何か言葉で表そうとするだけでも記憶に残るし(意識化) その

言葉から更にイメージが広がることもある。

 

絵に言葉は不要という人は多いが 

私は大切にしたいと思う。

 

 

動物行動学者の岡ノ谷 一夫氏が

「私たち人間の感情の 細やかさでさえ、『言語』が可能に

してきたものかもしれない。

芸術は そのような感情の細やかさに支えられて進化した。」

と書いている。

 

 

上記のように絵を考える時に言葉は必要だと考えているが

「絵に言葉は不要だ。
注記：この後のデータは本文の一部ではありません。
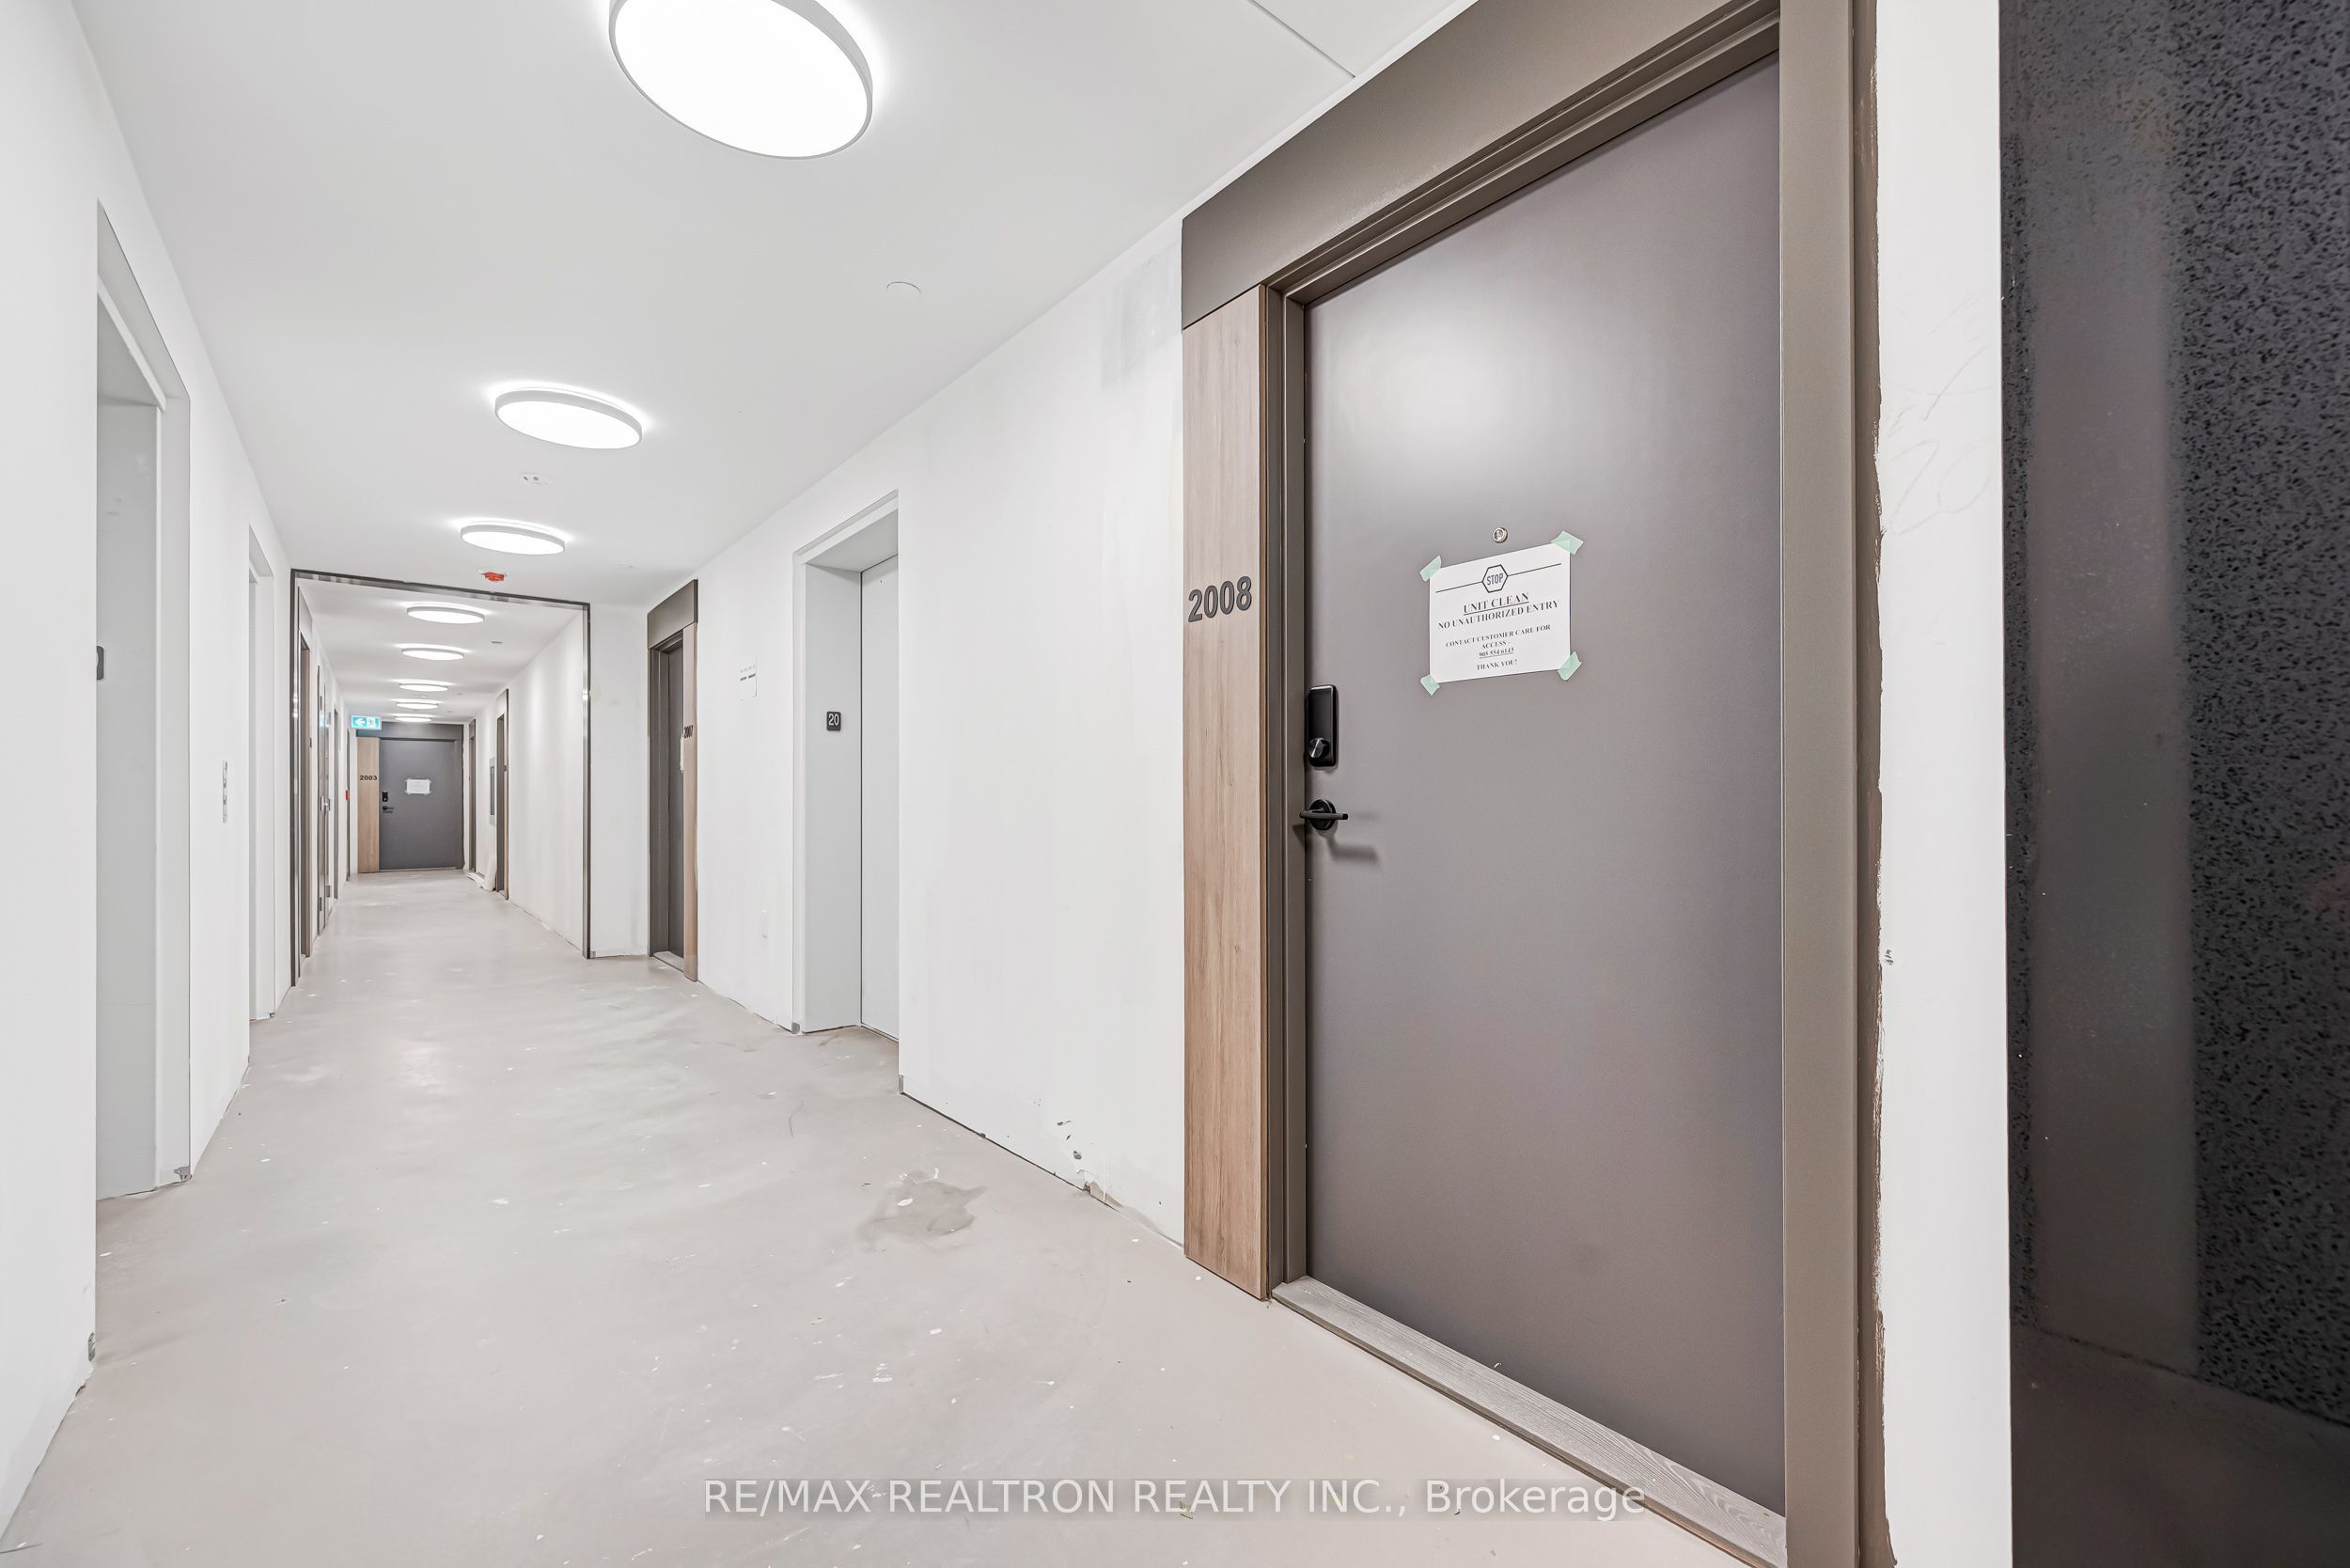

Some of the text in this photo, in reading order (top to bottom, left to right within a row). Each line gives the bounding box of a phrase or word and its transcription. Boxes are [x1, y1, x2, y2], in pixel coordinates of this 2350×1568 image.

」という考え方も正しいと思っている。

 

矛盾するようだが、近代以降の絵画は、説明としての「言葉を

省くこと」で成立していると思う。

絵画は言葉で表せないモノを描こうとしているので 言葉による

限定は絵画の広がりを奪ってしまいかねない。

 

だから言葉は不要とも言えるし、言葉は必要だとも言える。

 

禅に於ける「不立文字」のような関係なのだろう。

禅宗の教義は、言葉ではなく体験によって体得するものこそ

真髄であるという禅宗であるが 教義に関する書物が一番に

多いのは禅宗だそうだ。

言葉で勉強しても悟れないが、悟る為には学習は必要だという。

 

こういう矛盾は詩でも劇でも 殆どの表現に当てはまると思う。

その矛盾率は大きいほど いいと考えている。